*** Data Section Begins ***
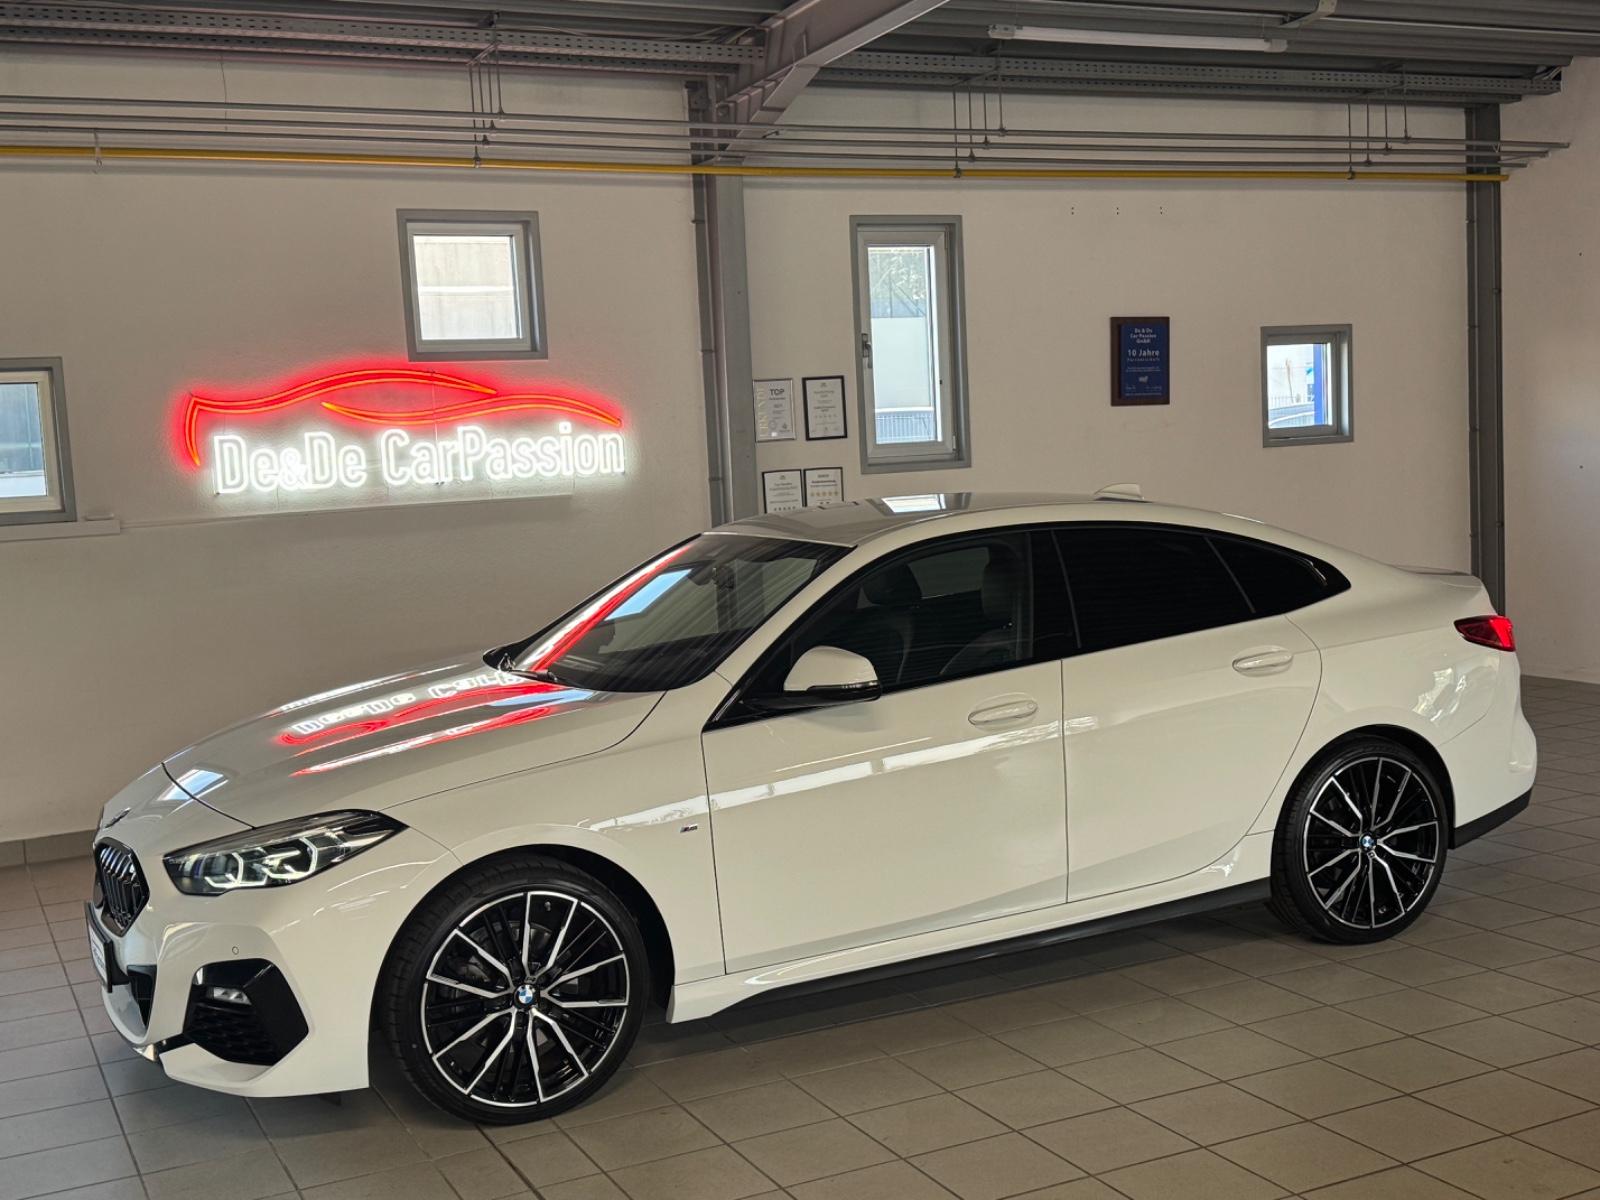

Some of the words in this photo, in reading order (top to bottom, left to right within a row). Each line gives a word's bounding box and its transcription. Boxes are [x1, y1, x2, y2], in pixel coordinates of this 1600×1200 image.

[1127, 349, 1137, 357] 10
[1139, 349, 1160, 357] Jahre
[769, 388, 785, 396] TOP
[213, 434, 367, 494] De&De
[380, 422, 625, 486] CarPassion
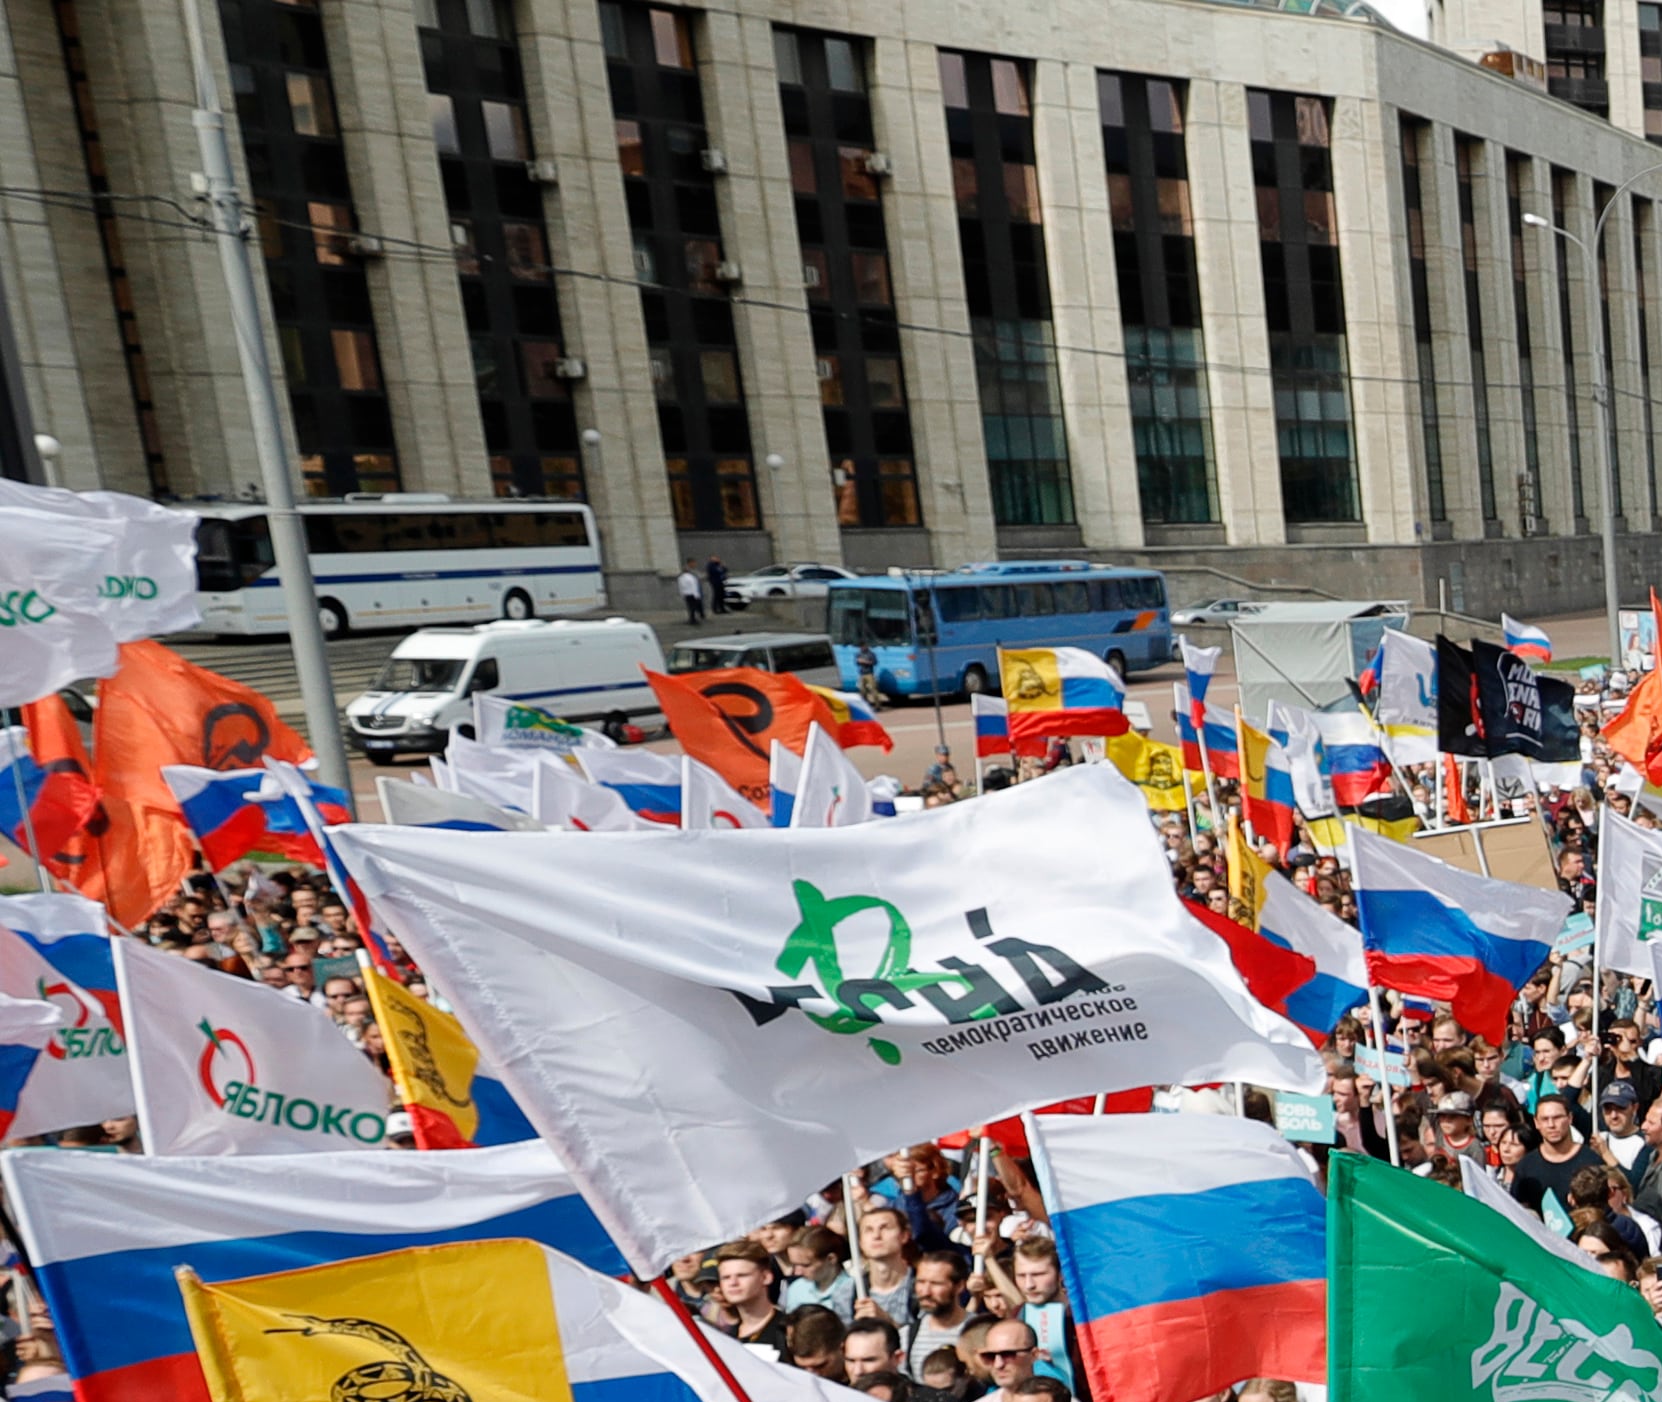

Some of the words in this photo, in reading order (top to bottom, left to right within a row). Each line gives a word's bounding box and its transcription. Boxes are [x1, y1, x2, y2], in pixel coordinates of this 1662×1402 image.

[921, 996, 1138, 1056] демократическое
[1027, 1023, 1149, 1061] движение
[223, 1081, 386, 1144] ЯБЛОКО
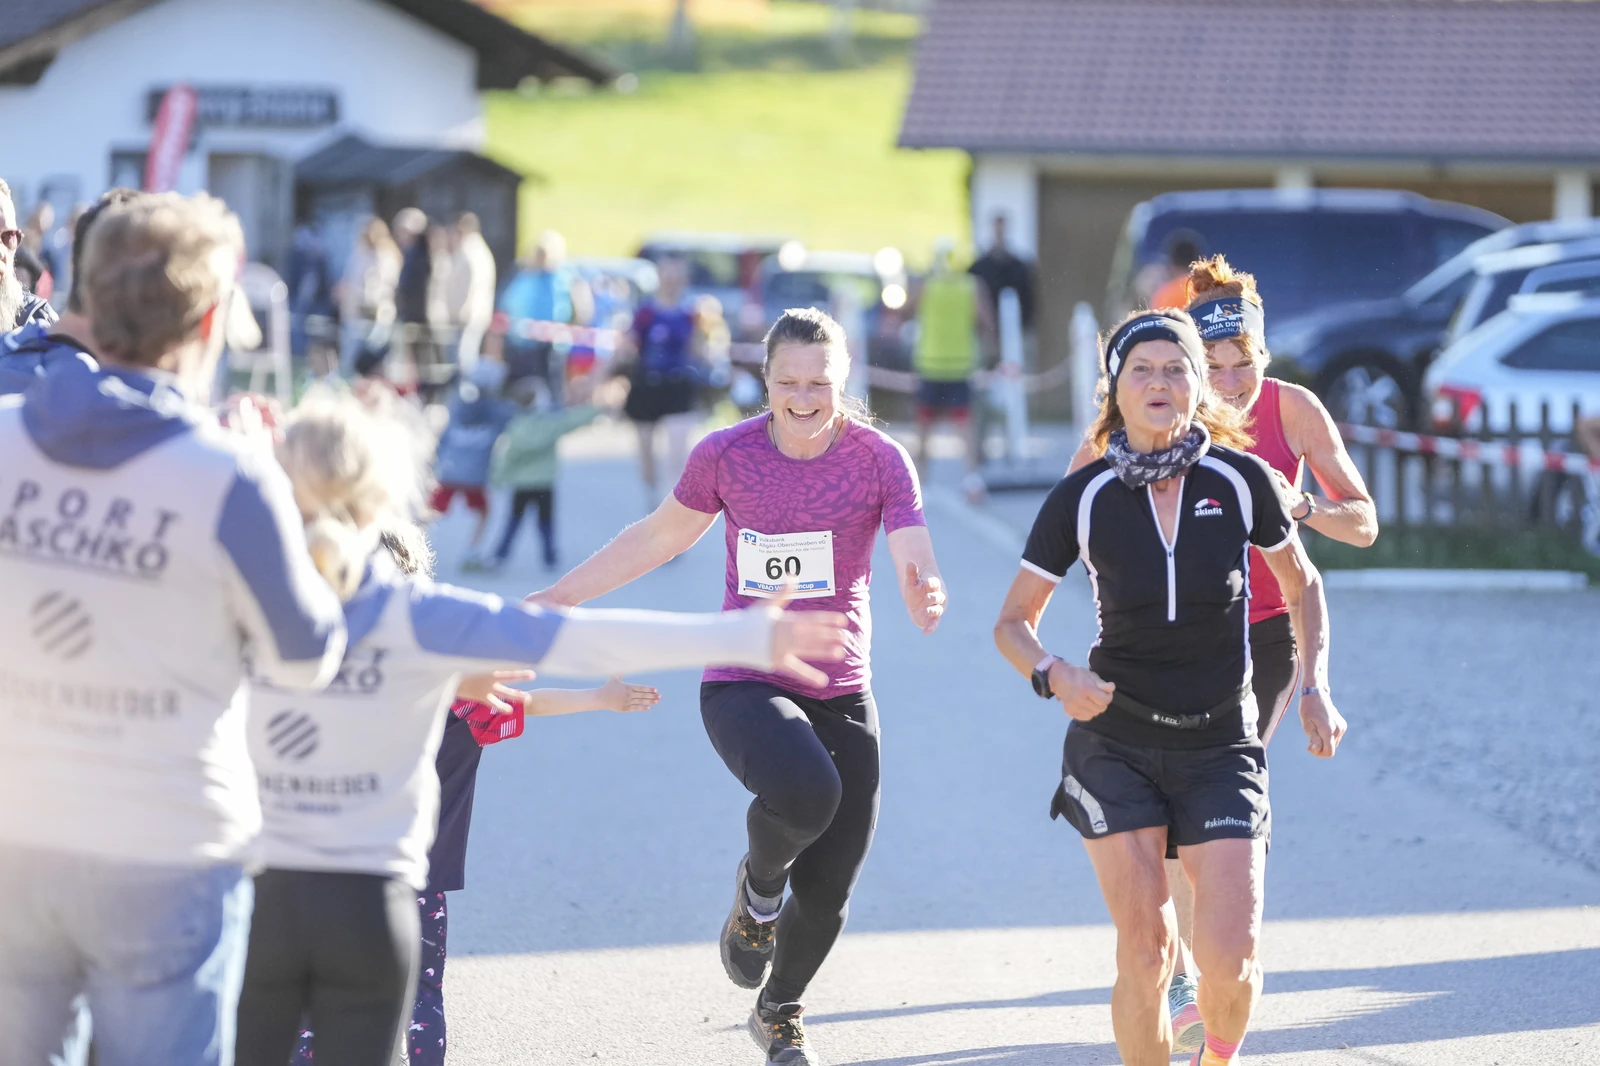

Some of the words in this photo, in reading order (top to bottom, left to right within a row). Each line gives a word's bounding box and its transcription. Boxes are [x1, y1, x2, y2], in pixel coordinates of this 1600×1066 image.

[1203, 322, 1224, 335] AQUA
[1194, 507, 1223, 517] skinfit
[765, 555, 801, 580] 60
[757, 583, 774, 591] VBAO
*** Data Section Ends ***
(Assignment):
Except for the pictures, copy every line of the records above exactly.

(Answer to the exercise):
Some of the words in this photo, in reading order (top to bottom, left to right within a row). Each line gives a word's bounding box and its transcription. Boxes are [x1, y1, x2, y2], in pixel coordinates of this 1600×1200 image.

[1127, 349, 1137, 357] 10
[1139, 349, 1160, 357] Jahre
[769, 388, 785, 396] TOP
[213, 434, 367, 494] De&De
[380, 422, 625, 486] CarPassion

Some of the words in this photo, in reading order (top to bottom, left to right within a row). Each line gives a word's bounding box and its transcription. Boxes are [x1, y1, x2, y2], in pixel coordinates of this 1662×1402 image.

[921, 996, 1138, 1056] демократическое
[1027, 1023, 1149, 1061] движение
[223, 1081, 386, 1144] ЯБЛОКО

Some of the words in this photo, in reading order (top to bottom, left to right within a row). Each line gives a word's bounding box and its transcription. Boxes are [x1, y1, x2, y2], in pixel coordinates of this 1600×1066 image.

[1203, 322, 1224, 335] AQUA
[1194, 507, 1223, 517] skinfit
[765, 555, 801, 580] 60
[757, 583, 774, 591] VBAO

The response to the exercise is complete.